Precavido, ele já tomou uma providência para diminuir o sofrimento da via crucis diária que vem encarando: comprou um relógio com o qual marca os 20 minutos que é obrigado a caminhar. “Não passo um segundo disso”, diz ele, que reconhece a falta de condição atlética e nem se importa mais em ser ultrapassado na rua por senhoras gordas.
Depois de se exercitar, o escritor trabalha um pouco, almoça e dorme entre as 14h30 e 18h. Ao acordar, volta a escrever até as 2h da madrugada. As visitas ao botequim Flor do Leblon não têm hora certa, mas elas acontecem pelo menos uma vez ao dia. Apesar do aparente bom humor, Ubaldo confessa a dificuldade em conviver com a velhice e cita o amigo Jorge Amado para explicar o que sente. “O Jorge dizia que já tinham lhe falado muito das alegrias da velhice, mas não lhe apresentaram nenhuma. Comigo é a mesma coisa. Só conheço a preguiça de me abaixar, me cansar para botar sapato”, diz.
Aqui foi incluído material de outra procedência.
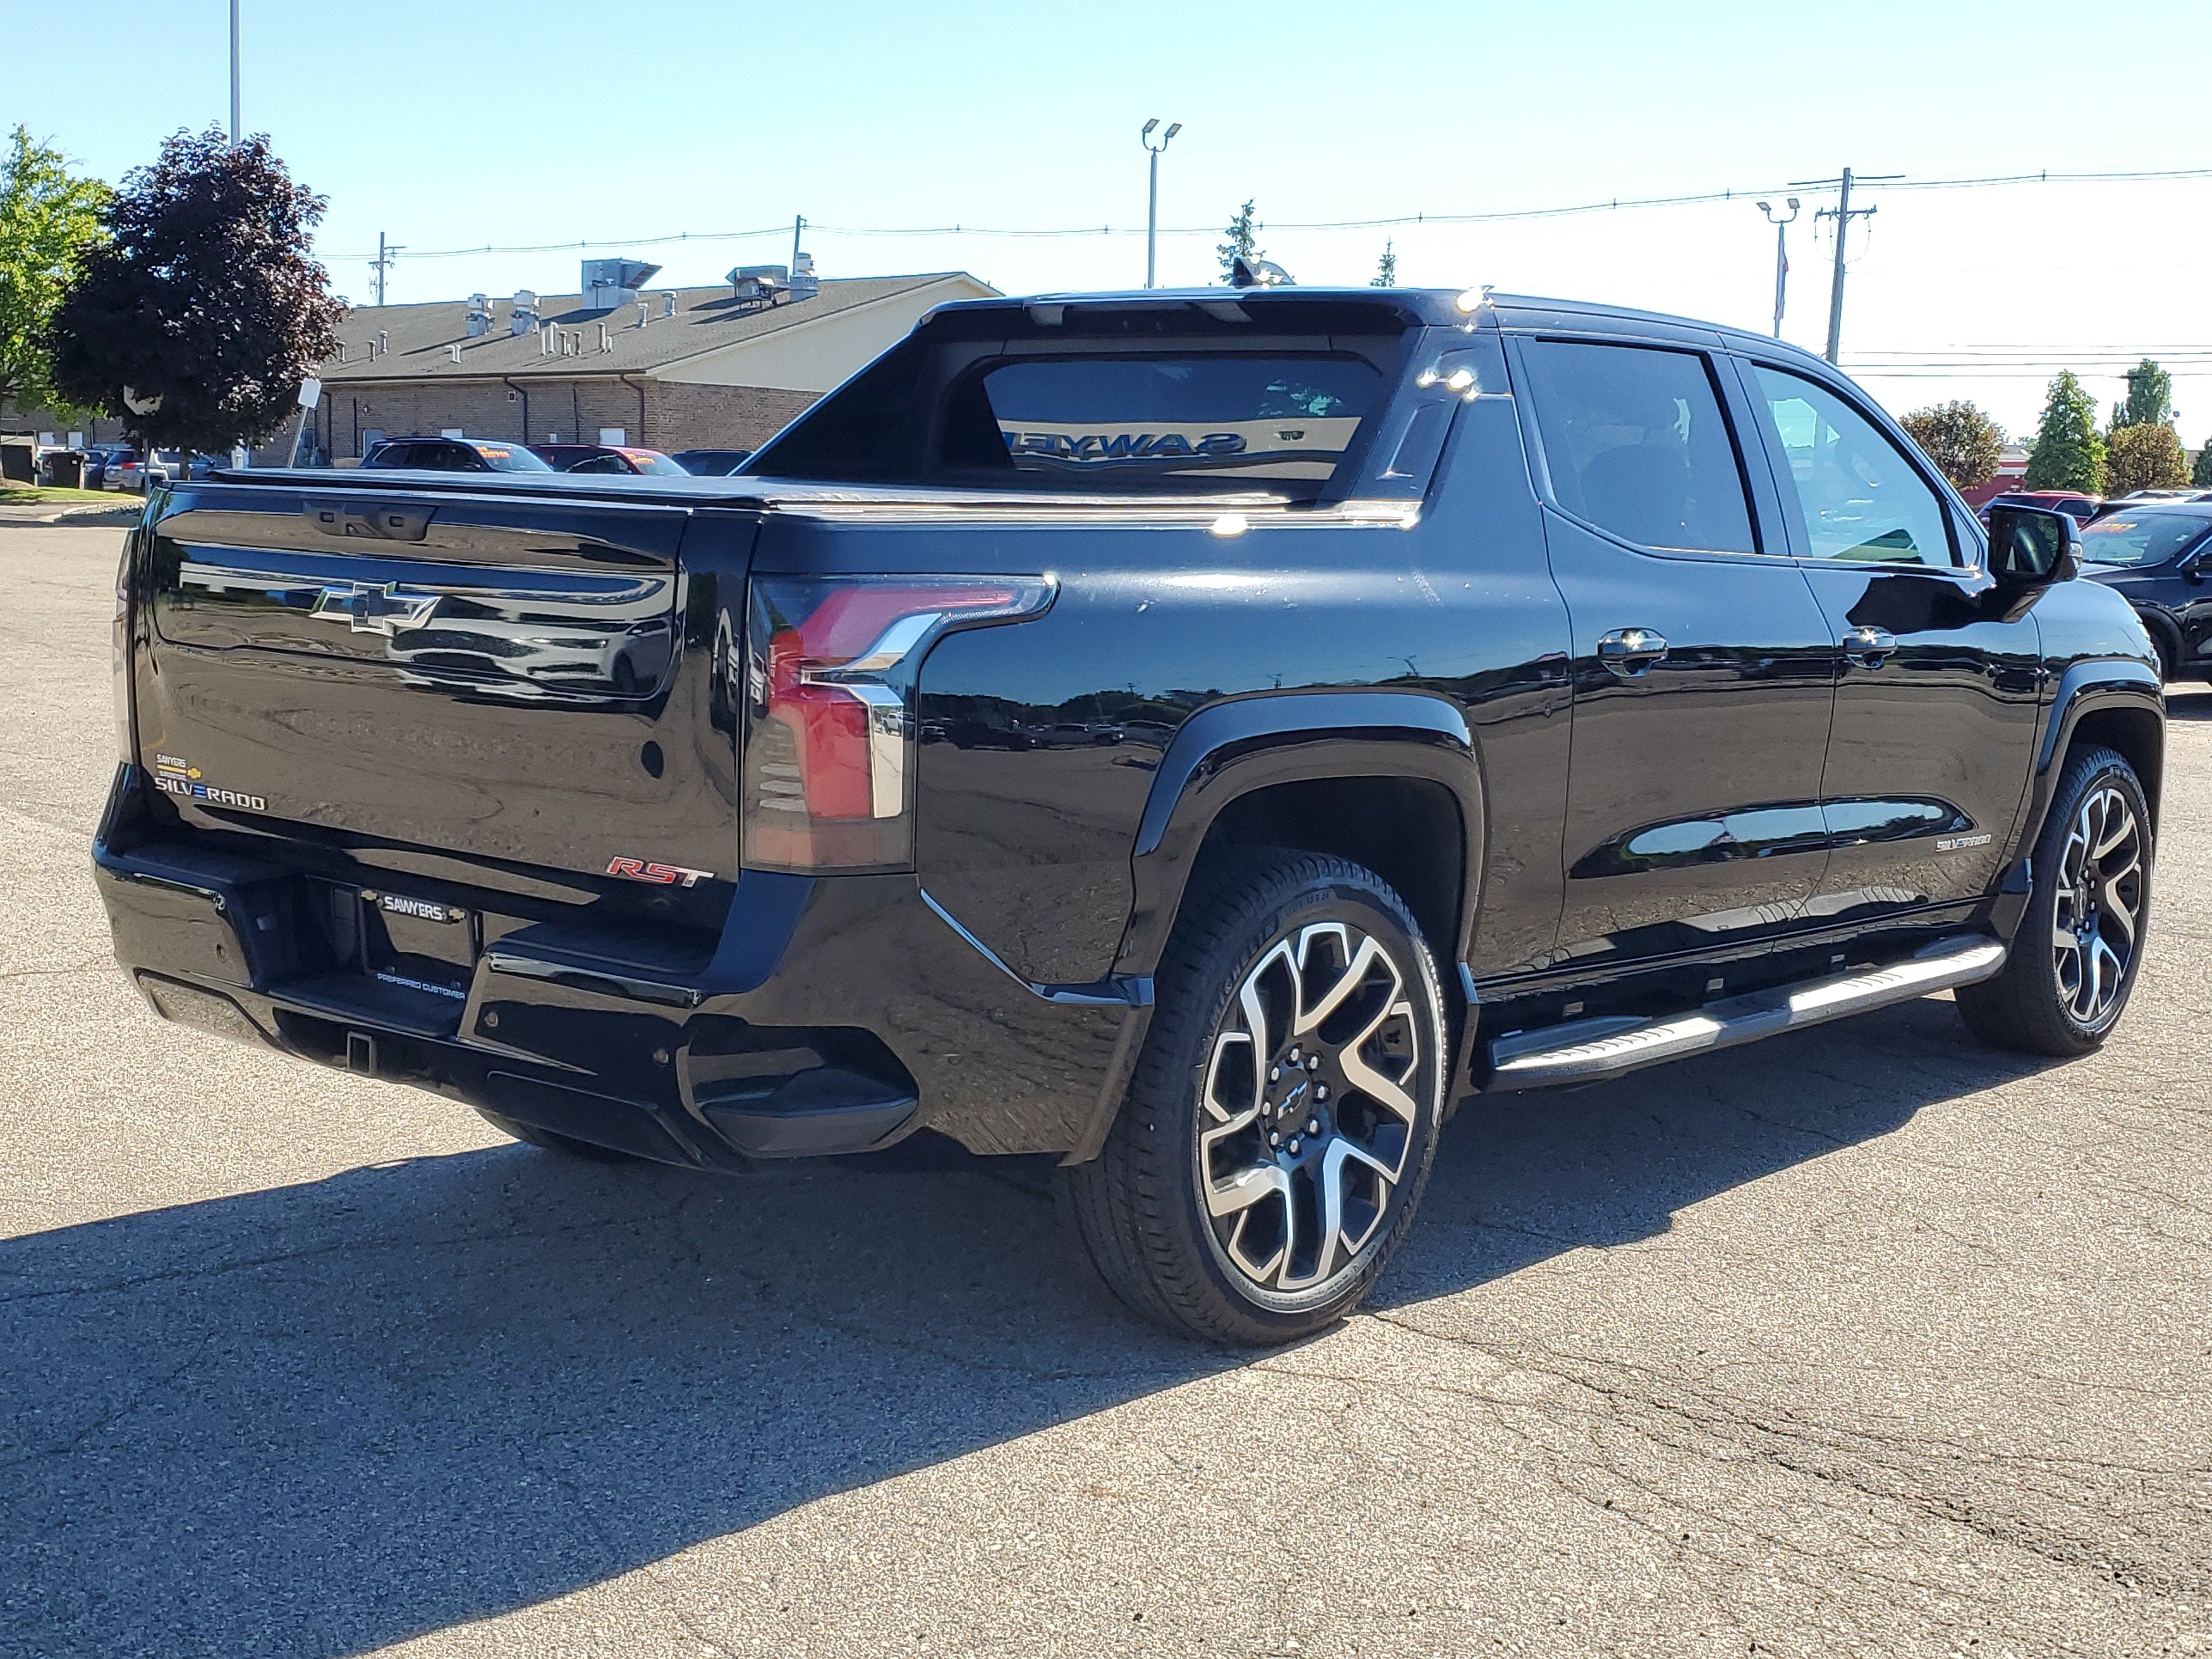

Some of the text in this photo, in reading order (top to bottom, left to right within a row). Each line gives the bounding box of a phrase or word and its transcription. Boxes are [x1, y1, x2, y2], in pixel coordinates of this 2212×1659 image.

[155, 777, 267, 810] SILVERADO
[1935, 834, 1992, 853] SILVERADO
[606, 856, 715, 888] RST
[384, 896, 443, 921] SAWYERS
[377, 973, 465, 1000] PREFERRED CUSTOMER
Testemunha da amizade entre Ubaldo e Jorge Amado, a escritora Zélia Gattai lembra de uma história ocorrida em Lisboa, nos anos 80, quando Ubaldo morava em Portugal. Os três amigos foram às compras e, numa loja, Zélia notou que a vendedora olhava fixamente para o autor de Gabriela eCapitães de Areia e perguntou no ouvido de Ubaldo se aquele não era Jorge Amado, escritor das novelas brasileiras. Na época, a novela Gabriela, baseada no romance de Jorge, era sucesso em Portugal. “João Ubaldo não só confirmou como disse que às vezes o Jorge escrevia com o pseudônimo de Janete Clair (novelista autora de sucessos como Irmãos Coragem e Selva de Pedra)”, contou Zélia. “A moça achou que o Jorge escrevia as novelas brasileiras e, graças ao João Ubaldo, deve estar achando até hoje.”
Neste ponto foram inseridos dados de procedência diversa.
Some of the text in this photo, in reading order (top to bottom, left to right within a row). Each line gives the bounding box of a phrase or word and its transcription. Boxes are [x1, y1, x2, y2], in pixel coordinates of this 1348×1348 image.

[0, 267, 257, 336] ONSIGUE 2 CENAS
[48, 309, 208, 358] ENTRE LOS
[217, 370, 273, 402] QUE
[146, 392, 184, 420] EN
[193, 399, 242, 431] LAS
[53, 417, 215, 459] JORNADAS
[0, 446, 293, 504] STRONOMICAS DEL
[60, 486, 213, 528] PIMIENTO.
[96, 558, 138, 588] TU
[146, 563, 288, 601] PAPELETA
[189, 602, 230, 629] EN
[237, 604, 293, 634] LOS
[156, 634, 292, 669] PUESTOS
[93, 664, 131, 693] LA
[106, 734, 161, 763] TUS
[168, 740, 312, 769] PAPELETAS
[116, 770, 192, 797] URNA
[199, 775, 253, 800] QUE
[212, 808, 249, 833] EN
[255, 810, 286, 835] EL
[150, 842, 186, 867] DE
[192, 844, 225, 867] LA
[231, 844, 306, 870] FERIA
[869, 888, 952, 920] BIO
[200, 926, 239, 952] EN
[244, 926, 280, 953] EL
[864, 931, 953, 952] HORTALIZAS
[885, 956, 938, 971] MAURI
Membro da Academia Brasileira de Letras desde 1993, o imortal que, por preguiça, raramente vai à ABL não opina sobre a possível entrada de Paulo Coelho na academia. Quanto às eleições presidenciais, pensa em Lula, mas não declara voto. O novo livro é o que ocupa seus pensamentos. Para Ubaldo, a história do padre que chega às raias da crueldade, sem qualquer senso moral, não é tão inverossímil quanto possa parecer. Tanto que compara o personagem que pensa em cortar o pai em pedacinhos com um dos crimes cometidos pelo traficante Fernandinho Beira-Mar, no Rio. “Ele dizia no telefone aos comparsas: ‘Corta um pedaço da orelha, agora um dedo’. Então não é uma coisa tão incomum.”